Let $\SS$ be an algebra of sets.

Let $A_1, A_2, \ldots, A_n$ be finite sets.

Let $f: \SS \to \R$ be an additive function.


Then:

\(\ds \map f {\bigcup_{i \mathop = 1}^n A_i}\) \(=\) \(\ds \sum_{i \mathop = 1}^n \map f {A_i}\)
\(\ds \) \(\) \(\, \ds - \, \) \(\ds \sum_{1 \mathop \le i \mathop < j \mathop \le n} \map f {A_i \cap A_j}\)
\(\ds \) \(\) \(\, \ds + \, \) \(\ds \sum_{1 \mathop \le i \mathop < j \mathop < k \mathop \le n} \map f {A_i \cap A_j \cap A_k}\)
\(\ds \) \(\) \(\, \ds \cdots \, \) \(\ds \)
\(\ds \) \(\) \(\, \ds + \, \) \(\ds \paren {-1}^{n - 1} \map f {\bigcap_{i \mathop = 1}^n A_i}\)


Corollary

Let $\SS$ be an algebra of sets.

Let $A_1, A_2, \ldots, A_n$ be finite sets which are pairwise disjoint.

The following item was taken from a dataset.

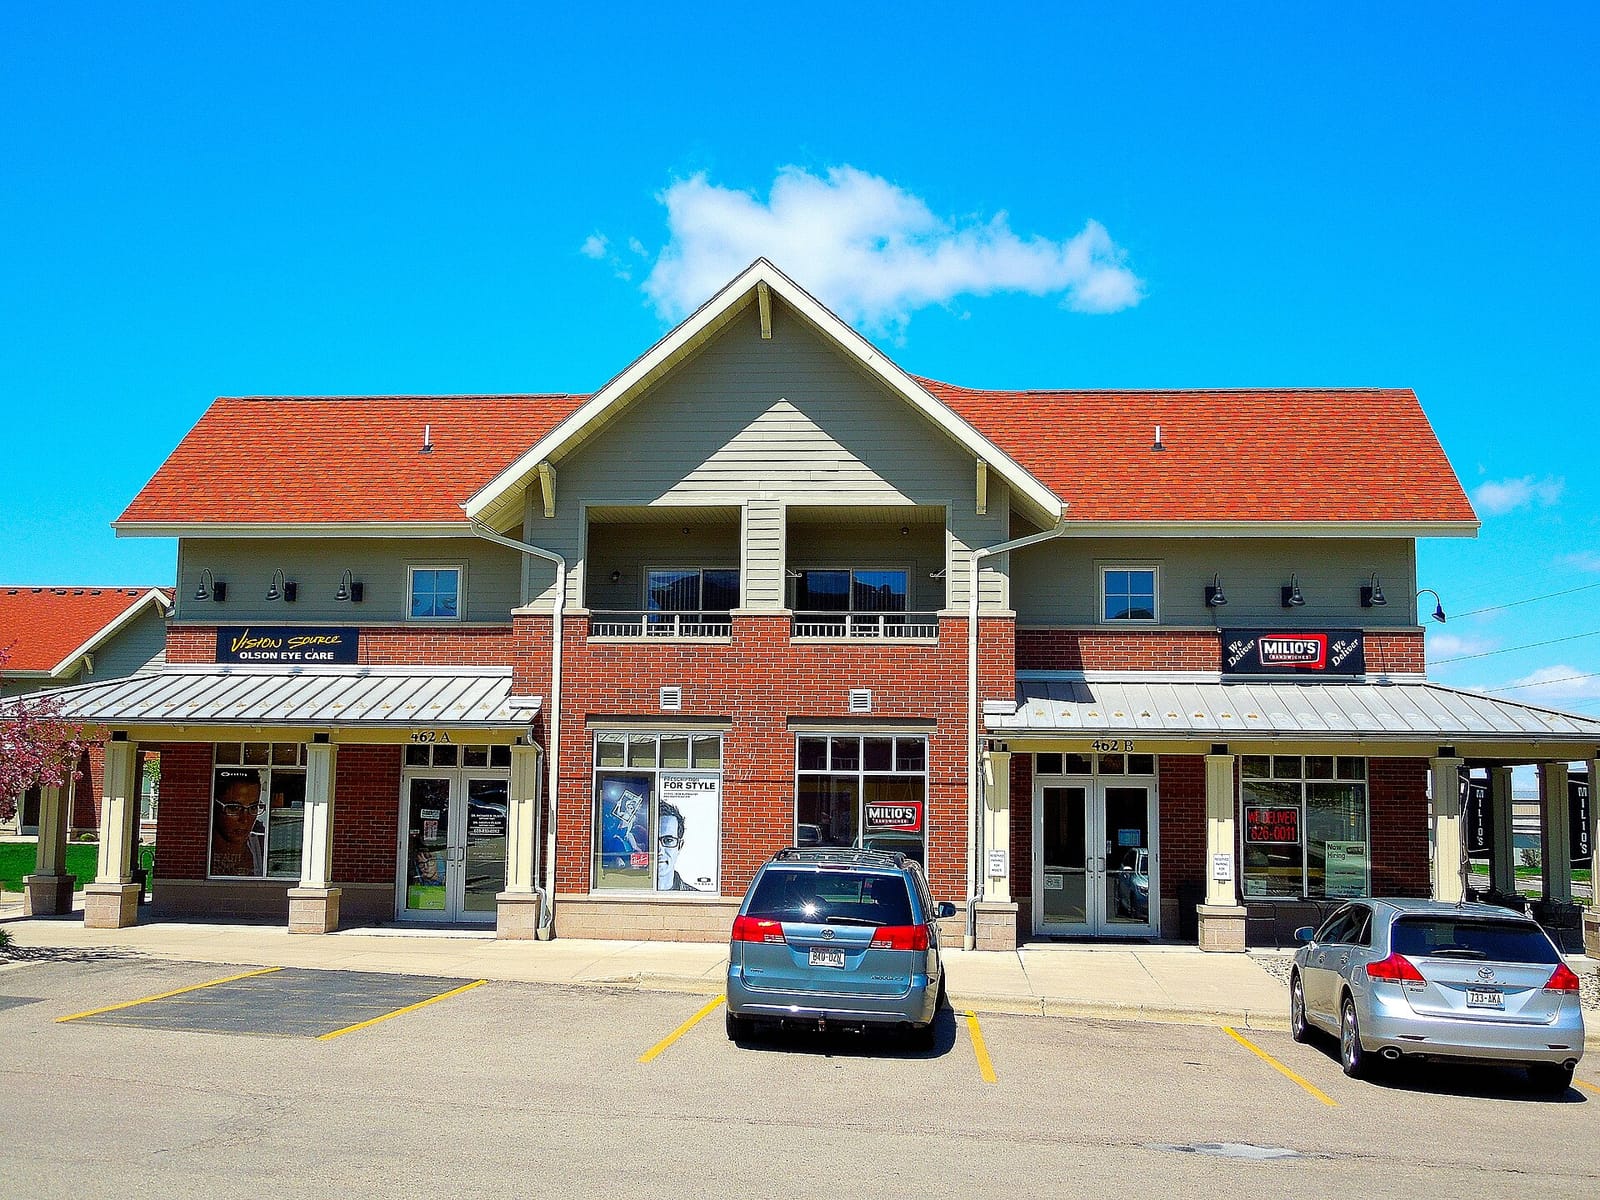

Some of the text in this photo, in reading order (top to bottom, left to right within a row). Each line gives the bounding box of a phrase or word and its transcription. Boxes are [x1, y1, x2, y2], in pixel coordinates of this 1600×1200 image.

Let $f: \SS \to \R$ be an additive function.


Then:

$\ds \map f {\bigcup_{i \mathop = 1}^n A_i} = \sum_{i \mathop = 1}^n \map f {A_i}$


Proof

Proof by induction:

For all $n \in \N_{>0}$, let $\map P N$ be the proposition:

\(\ds \map f {\bigcup_{i \mathop = 1}^n A_i}\) \(=\) \(\ds \sum_{i \mathop = 1}^n \map f {A_i}\)
\(\ds \) \(\) \(\, \ds - \, \) \(\ds \sum_{1 \mathop \le i \mathop < j \mathop \le n} \map f {A_i \cap A_j}\)
\(\ds \) \(\) \(\, \ds + \, \) \(\ds \sum_{1 \mathop \le i \mathop < j \mathop < k \mathop \le n} \map f {A_i \cap A_j \cap A_k}\)
\(\ds \) \(\) \(\, \ds \cdots \, \) \(\ds \)
\(\ds \) \(\) \(\, \ds + \, \) \(\ds \paren {-1}^{n - 1} \map f {\bigcap_{i \mathop = 1}^n A_i}\)


$\map P 1$ is true, as this just says $\map f {A_1} = \map f {A_1}$.


Basis for the Induction

$\map P 2$ is the case:

$\map f {A_1 \cup A_2} = \map f {A_1} + \map f {A_2} - \map f {A_1 \cap A_2}$

which is the result Additive Function is Strongly Additive.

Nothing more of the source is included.